- Task to carry out
Find the line with "this 1376×1536 image." in the records below. Output exactly from there until after the line with "this 1296×968 image.", without pictures.

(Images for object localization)
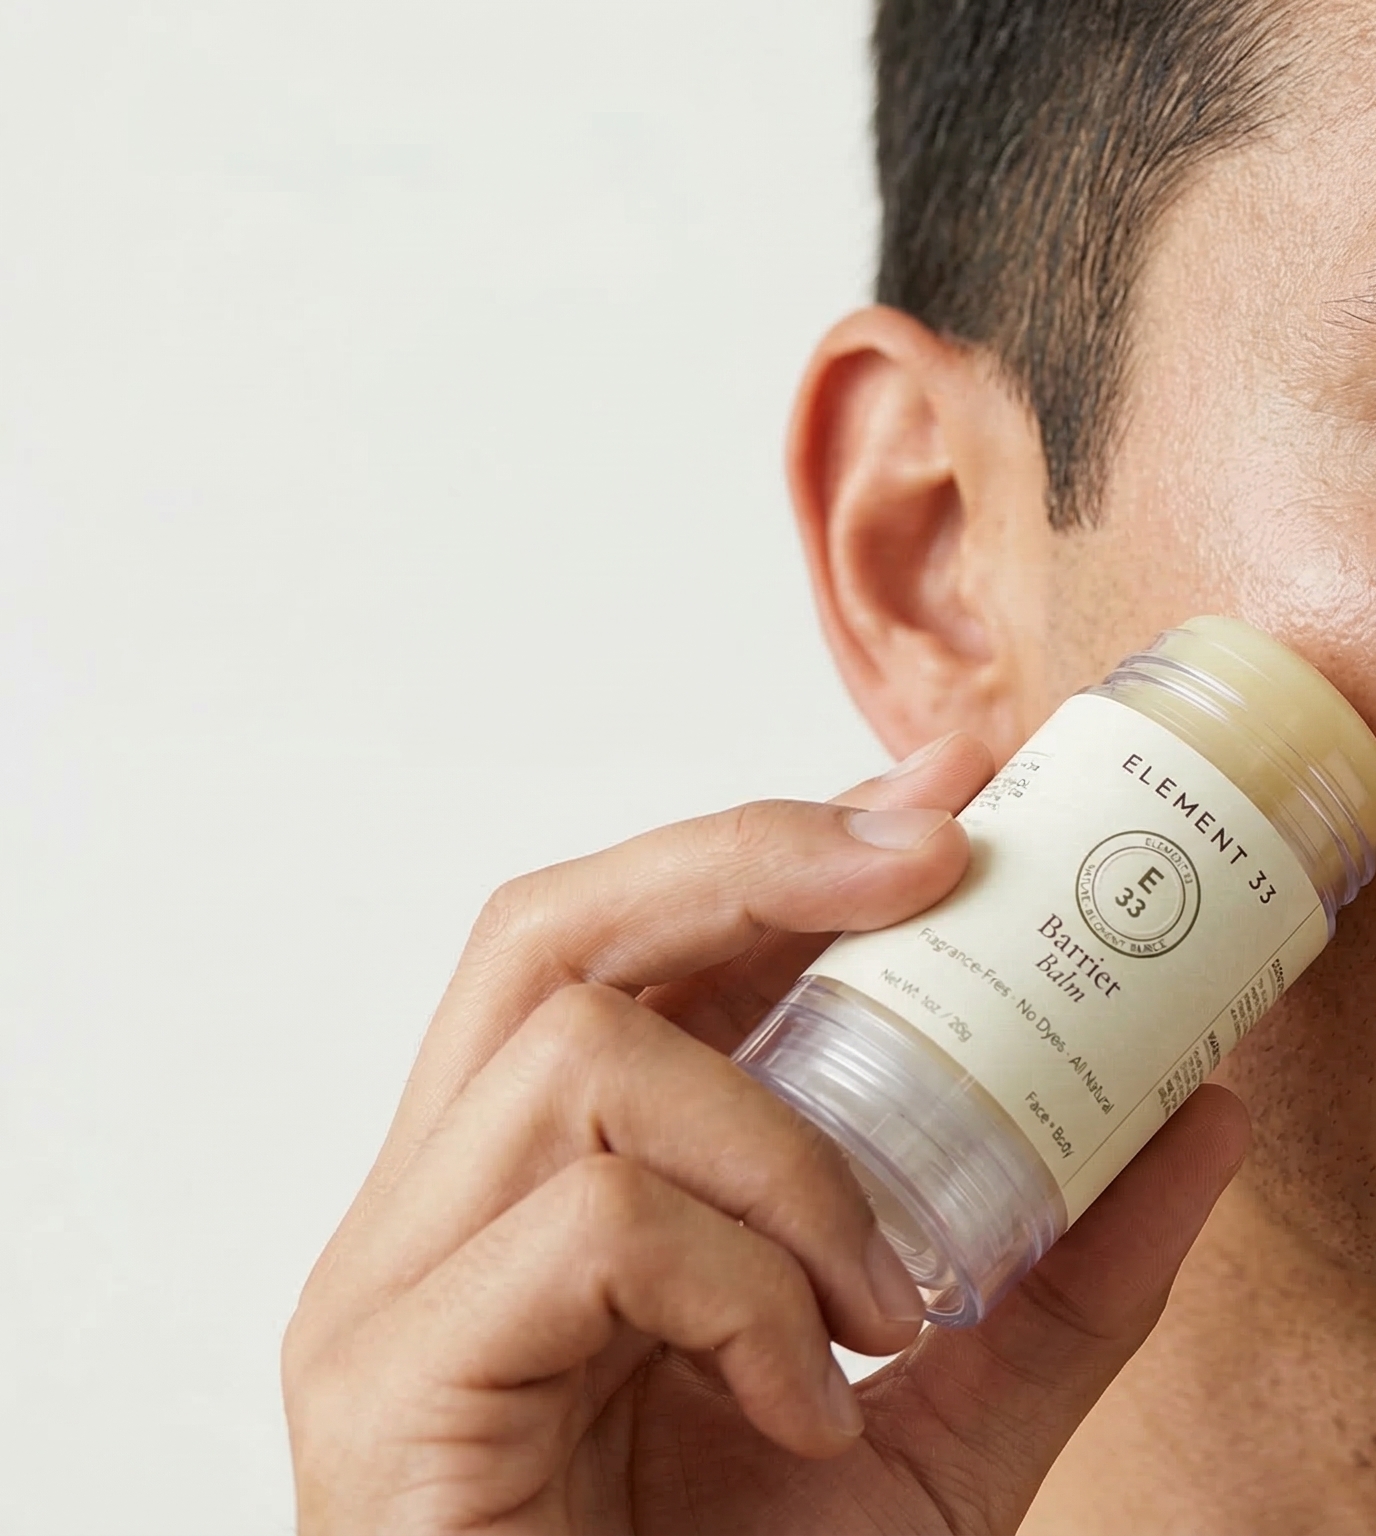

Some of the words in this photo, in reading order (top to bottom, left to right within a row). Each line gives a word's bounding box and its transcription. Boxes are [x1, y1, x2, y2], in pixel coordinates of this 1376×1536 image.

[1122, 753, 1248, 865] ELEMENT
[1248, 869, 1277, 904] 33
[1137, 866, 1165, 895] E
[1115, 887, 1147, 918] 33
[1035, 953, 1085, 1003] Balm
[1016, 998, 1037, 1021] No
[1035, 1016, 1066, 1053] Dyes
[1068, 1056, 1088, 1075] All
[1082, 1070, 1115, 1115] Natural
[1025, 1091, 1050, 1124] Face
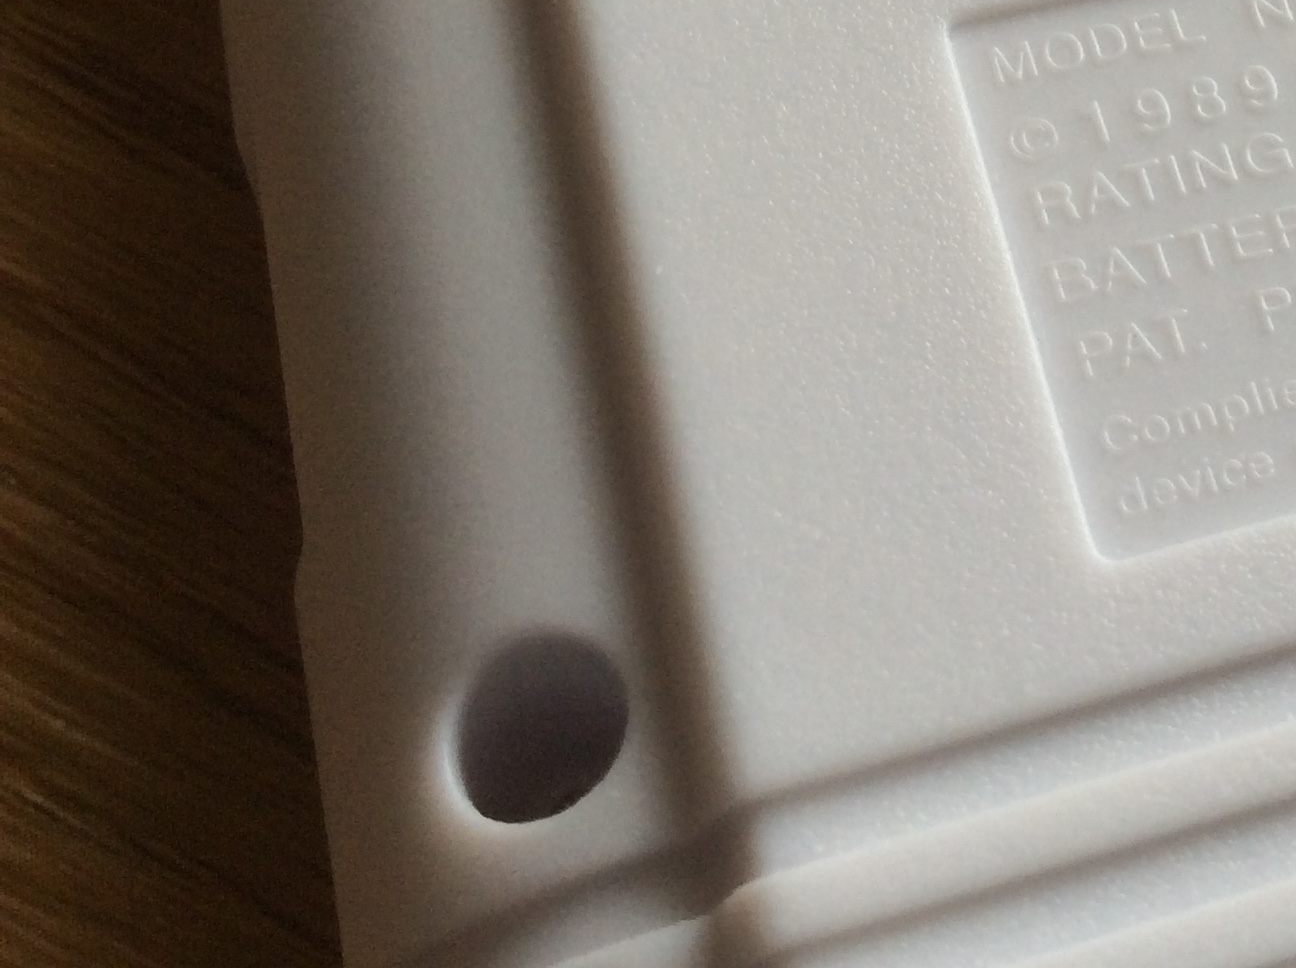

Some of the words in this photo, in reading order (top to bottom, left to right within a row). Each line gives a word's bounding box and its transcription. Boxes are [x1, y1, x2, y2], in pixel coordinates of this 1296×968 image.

---

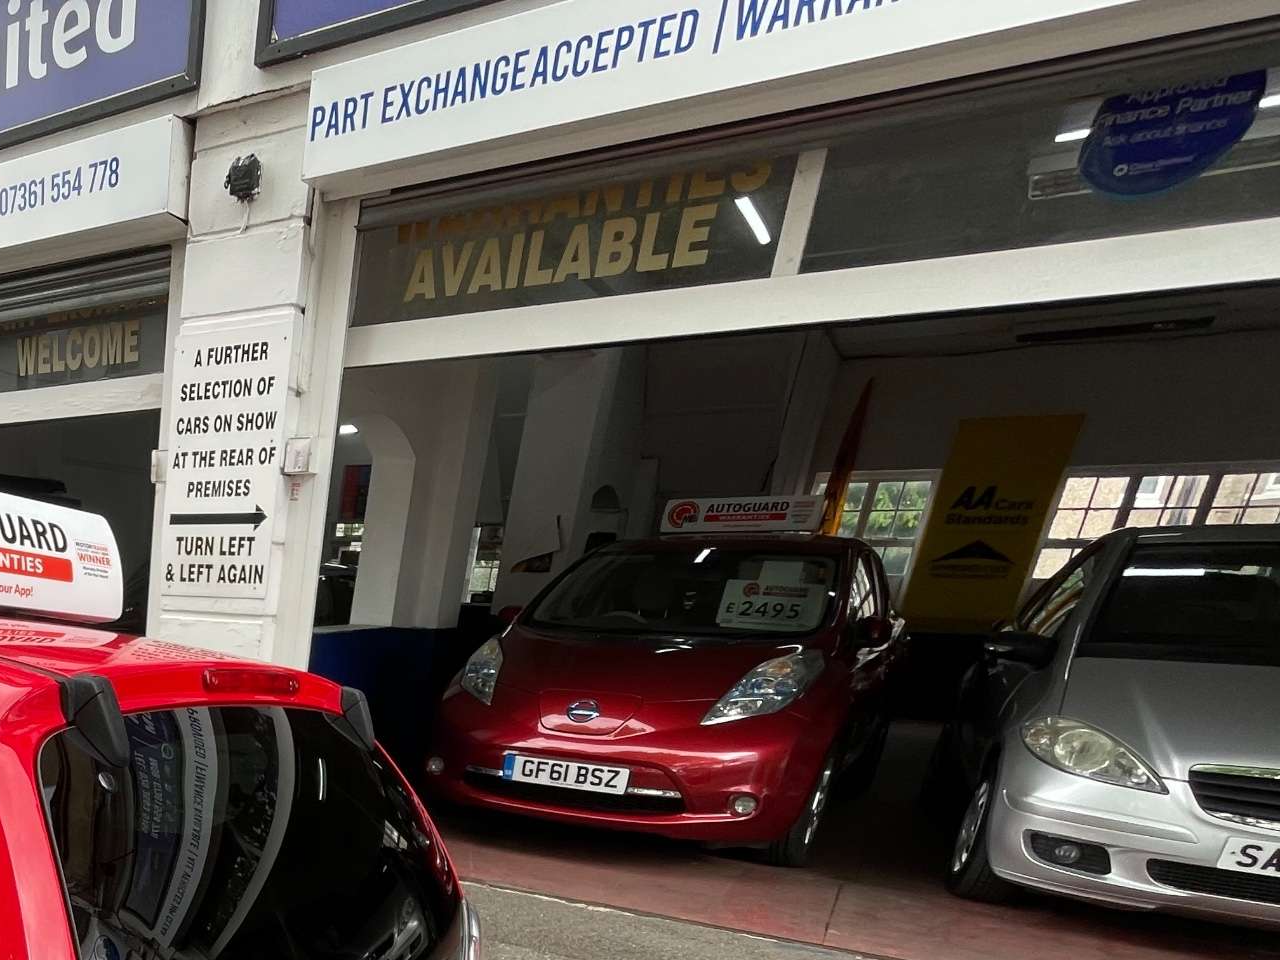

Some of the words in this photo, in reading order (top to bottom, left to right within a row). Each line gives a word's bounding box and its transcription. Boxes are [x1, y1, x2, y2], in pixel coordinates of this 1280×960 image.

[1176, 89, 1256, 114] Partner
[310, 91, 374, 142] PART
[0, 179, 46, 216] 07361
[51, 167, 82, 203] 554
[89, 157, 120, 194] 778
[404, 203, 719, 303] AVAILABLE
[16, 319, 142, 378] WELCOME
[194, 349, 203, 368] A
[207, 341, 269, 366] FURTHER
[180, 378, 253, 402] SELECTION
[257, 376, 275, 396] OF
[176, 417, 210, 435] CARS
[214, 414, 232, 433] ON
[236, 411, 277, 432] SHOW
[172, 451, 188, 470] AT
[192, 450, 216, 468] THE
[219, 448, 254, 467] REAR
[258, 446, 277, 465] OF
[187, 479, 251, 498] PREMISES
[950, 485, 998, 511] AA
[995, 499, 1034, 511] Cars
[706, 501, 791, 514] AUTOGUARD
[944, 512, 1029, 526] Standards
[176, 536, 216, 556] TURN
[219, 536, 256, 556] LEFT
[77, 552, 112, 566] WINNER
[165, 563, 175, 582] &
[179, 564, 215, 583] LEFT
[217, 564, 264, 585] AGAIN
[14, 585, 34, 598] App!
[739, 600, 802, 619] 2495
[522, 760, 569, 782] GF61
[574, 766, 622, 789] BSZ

- Reply
Some of the words in this photo, in reading order (top to bottom, left to right within a row). Each line gives a word's bounding box and its transcription. Boxes are [x1, y1, x2, y2], in pixel coordinates of this 1376×1536 image.

[1122, 753, 1248, 865] ELEMENT
[1248, 869, 1277, 904] 33
[1137, 866, 1165, 895] E
[1115, 887, 1147, 918] 33
[1035, 953, 1085, 1003] Balm
[1016, 998, 1037, 1021] No
[1035, 1016, 1066, 1053] Dyes
[1068, 1056, 1088, 1075] All
[1082, 1070, 1115, 1115] Natural
[1025, 1091, 1050, 1124] Face

Some of the words in this photo, in reading order (top to bottom, left to right within a row). Each line gives a word's bounding box and its transcription. Boxes are [x1, y1, x2, y2], in pixel coordinates of this 1296×968 image.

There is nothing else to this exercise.